Collected data

>>>

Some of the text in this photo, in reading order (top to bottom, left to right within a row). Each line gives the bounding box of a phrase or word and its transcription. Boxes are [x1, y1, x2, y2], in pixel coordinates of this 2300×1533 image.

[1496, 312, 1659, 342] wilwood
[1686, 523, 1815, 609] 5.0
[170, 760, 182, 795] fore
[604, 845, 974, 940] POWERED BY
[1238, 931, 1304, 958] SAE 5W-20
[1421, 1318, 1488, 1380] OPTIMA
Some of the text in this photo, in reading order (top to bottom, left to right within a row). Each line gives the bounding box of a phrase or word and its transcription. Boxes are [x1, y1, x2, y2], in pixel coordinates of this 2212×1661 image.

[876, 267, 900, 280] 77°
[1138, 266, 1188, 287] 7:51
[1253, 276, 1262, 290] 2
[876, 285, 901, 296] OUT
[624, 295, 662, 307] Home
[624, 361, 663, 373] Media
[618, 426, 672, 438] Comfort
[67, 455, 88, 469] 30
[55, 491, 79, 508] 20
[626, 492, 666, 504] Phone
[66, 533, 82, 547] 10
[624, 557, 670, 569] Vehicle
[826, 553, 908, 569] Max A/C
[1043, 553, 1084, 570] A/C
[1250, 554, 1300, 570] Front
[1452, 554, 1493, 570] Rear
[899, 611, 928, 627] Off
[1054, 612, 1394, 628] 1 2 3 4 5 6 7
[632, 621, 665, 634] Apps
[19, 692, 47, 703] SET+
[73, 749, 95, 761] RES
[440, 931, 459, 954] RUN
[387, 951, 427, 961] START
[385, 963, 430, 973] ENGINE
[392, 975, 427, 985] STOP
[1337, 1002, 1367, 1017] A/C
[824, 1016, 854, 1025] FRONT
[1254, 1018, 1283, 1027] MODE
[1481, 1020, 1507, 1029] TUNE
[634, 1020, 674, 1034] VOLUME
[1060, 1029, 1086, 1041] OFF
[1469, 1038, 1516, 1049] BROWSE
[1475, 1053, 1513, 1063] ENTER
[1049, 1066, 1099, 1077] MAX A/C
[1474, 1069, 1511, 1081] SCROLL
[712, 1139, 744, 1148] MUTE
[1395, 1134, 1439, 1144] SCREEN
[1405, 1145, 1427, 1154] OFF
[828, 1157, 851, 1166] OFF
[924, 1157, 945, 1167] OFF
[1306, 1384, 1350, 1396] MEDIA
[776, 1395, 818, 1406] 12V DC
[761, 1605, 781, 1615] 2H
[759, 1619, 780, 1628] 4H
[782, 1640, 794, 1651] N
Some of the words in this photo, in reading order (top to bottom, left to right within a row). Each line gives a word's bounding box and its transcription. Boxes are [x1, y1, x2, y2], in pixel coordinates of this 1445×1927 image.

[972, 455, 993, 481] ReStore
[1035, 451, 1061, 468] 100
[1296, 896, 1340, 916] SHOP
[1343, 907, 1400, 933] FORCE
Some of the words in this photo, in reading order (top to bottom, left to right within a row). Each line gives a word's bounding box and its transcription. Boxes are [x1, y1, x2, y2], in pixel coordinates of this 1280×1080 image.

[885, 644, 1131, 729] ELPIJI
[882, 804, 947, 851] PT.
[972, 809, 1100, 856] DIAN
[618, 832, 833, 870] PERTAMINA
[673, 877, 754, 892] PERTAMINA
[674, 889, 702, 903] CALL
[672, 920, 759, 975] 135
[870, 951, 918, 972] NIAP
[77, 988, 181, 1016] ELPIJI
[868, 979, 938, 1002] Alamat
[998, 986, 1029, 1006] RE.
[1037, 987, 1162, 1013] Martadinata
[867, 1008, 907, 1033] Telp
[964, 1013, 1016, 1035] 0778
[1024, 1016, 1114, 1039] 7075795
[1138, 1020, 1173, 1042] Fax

<<<

▸ **What the task requires**: Nothing but the lines from the one with "this 1445×1927 image." through the end of the data above should be reproduced, each exactly, both ends included.

▸ **Your solution**:
Some of the words in this photo, in reading order (top to bottom, left to right within a row). Each line gives a word's bounding box and its transcription. Boxes are [x1, y1, x2, y2], in pixel coordinates of this 1445×1927 image.

[972, 455, 993, 481] ReStore
[1035, 451, 1061, 468] 100
[1296, 896, 1340, 916] SHOP
[1343, 907, 1400, 933] FORCE
Some of the words in this photo, in reading order (top to bottom, left to right within a row). Each line gives a word's bounding box and its transcription. Boxes are [x1, y1, x2, y2], in pixel coordinates of this 1280×1080 image.

[885, 644, 1131, 729] ELPIJI
[882, 804, 947, 851] PT.
[972, 809, 1100, 856] DIAN
[618, 832, 833, 870] PERTAMINA
[673, 877, 754, 892] PERTAMINA
[674, 889, 702, 903] CALL
[672, 920, 759, 975] 135
[870, 951, 918, 972] NIAP
[77, 988, 181, 1016] ELPIJI
[868, 979, 938, 1002] Alamat
[998, 986, 1029, 1006] RE.
[1037, 987, 1162, 1013] Martadinata
[867, 1008, 907, 1033] Telp
[964, 1013, 1016, 1035] 0778
[1024, 1016, 1114, 1039] 7075795
[1138, 1020, 1173, 1042] Fax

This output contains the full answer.